"""

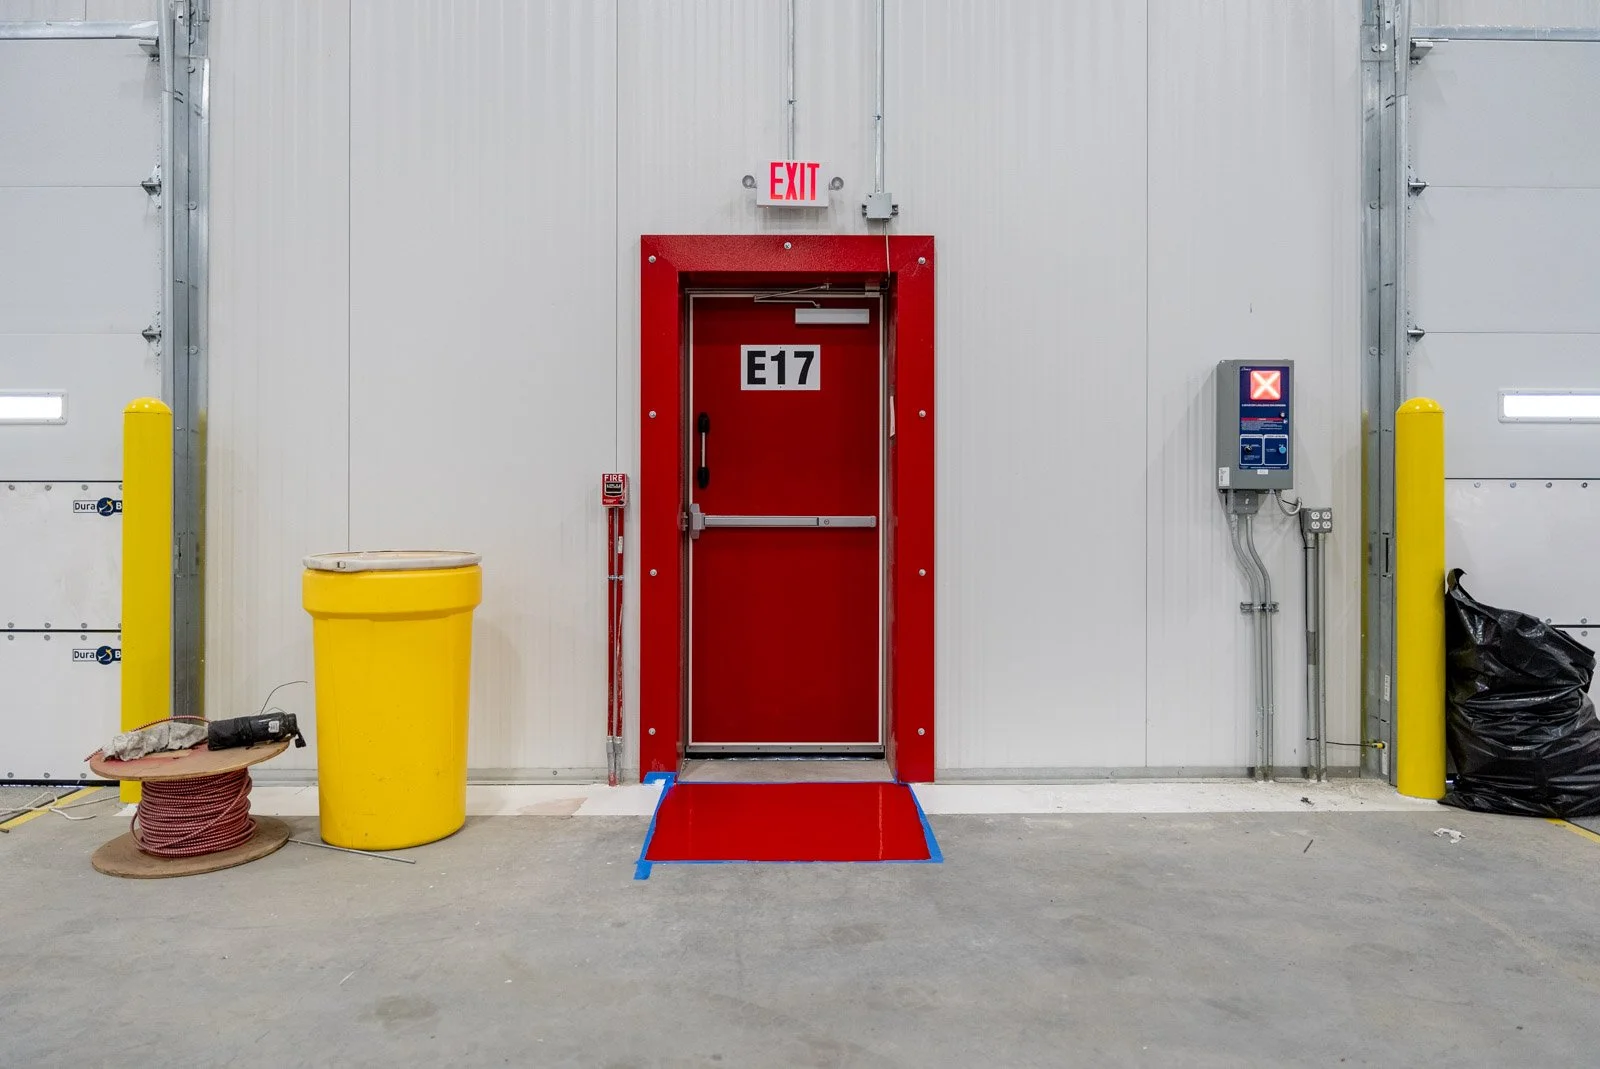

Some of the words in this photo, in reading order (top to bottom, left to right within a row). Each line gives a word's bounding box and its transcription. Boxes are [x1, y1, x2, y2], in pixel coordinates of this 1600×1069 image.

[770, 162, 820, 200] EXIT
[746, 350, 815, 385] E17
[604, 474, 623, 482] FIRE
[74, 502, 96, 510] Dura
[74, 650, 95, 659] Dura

"""

EXERCISE PROMPT :: A word-for-word restatement of all the lines above is needed, with the pictures omitted.

RESULT OF THIS TASK ::
Some of the words in this photo, in reading order (top to bottom, left to right within a row). Each line gives a word's bounding box and its transcription. Boxes are [x1, y1, x2, y2], in pixel coordinates of this 1600×1069 image.

[770, 162, 820, 200] EXIT
[746, 350, 815, 385] E17
[604, 474, 623, 482] FIRE
[74, 502, 96, 510] Dura
[74, 650, 95, 659] Dura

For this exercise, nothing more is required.